Auditors found that local authorities “preferred to avoid the burden of initiating competitive procurement whenever possible.”
Cynthia Chimonyo, emergency planning coordinator for the Oakland Fire Department, said the city wasn’t aware public transit officials had not issued formal bids for purchases, but AC Transit has since been instructed to follow procurement guidelines.
The city’s grant office was severely understaffed during the early years, added Renee Domingo, an emergency services manager for the fire department. There was only a single person in charge of Oakland’s entire program and no one available to carry out an inventory of millions of dollars in equipment.
So did all of these new homeland security purchases make the state safer? That’s difficult to tell, according to Inspector General Skinner. His federal auditors found that California couldn’t evaluate improvements in its ability to respond to disasters and thus demonstrate how the grants have made a difference, a conclusion also contained in several other watchdog reports published this year that were critical of the Department of Homeland Security’s major grant programs in general.
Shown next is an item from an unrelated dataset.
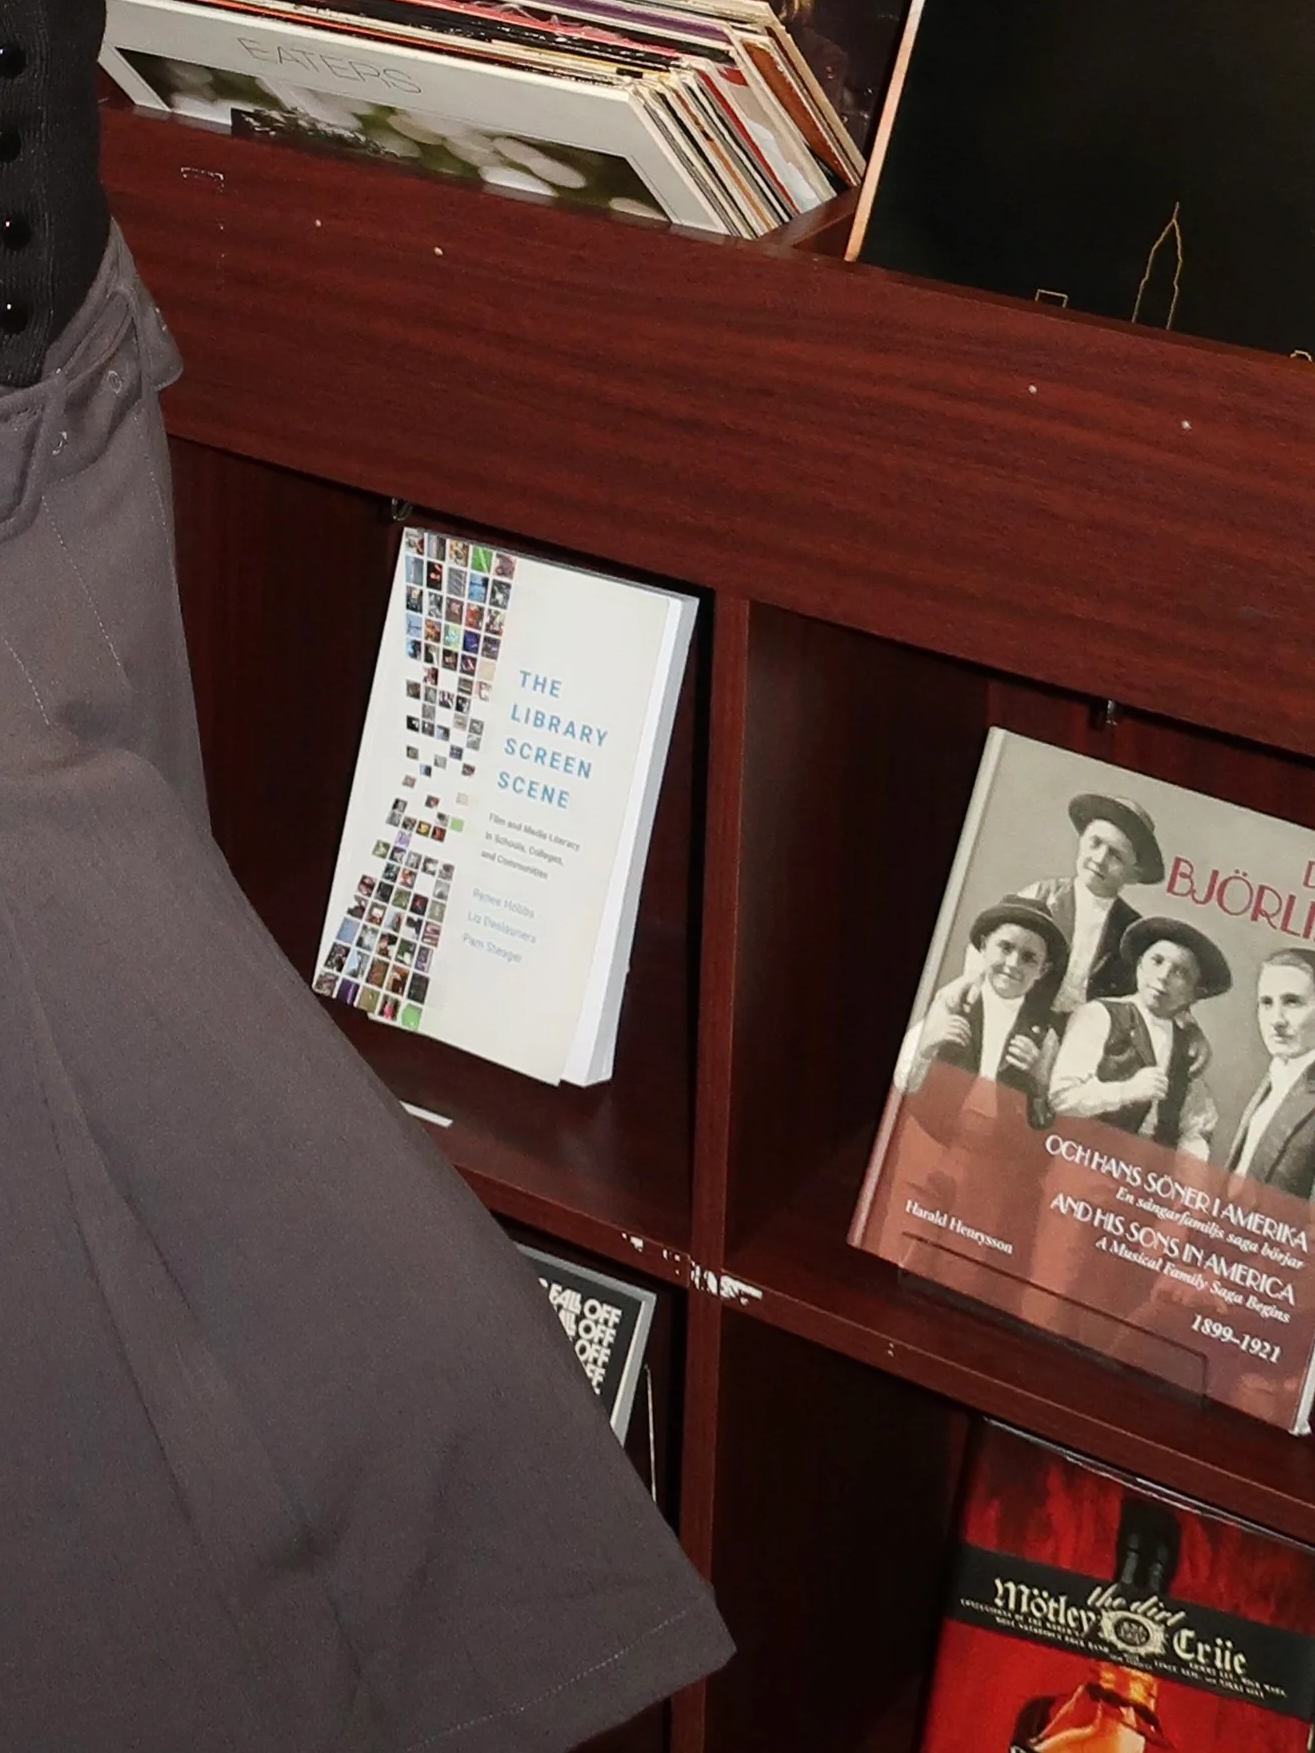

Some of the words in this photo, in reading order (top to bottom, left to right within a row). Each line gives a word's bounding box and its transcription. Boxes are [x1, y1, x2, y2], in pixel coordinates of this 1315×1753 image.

California’s preparedness goals weren’t specific or measurable, the audit declared, which meant the state “was not able to assess first responder capabilities or justify continued grants.”
In his response letter, California Emergency Management Agency secretary Bettenhausen called the finding “subjective” and cited as an example of success the state’s swift-water rescue efforts, which improved after shortcomings in such missions were identified. According to Bettenhausen: “California has gone above and beyond what is required at the federal level in the measurement of preparedness and capabilities.”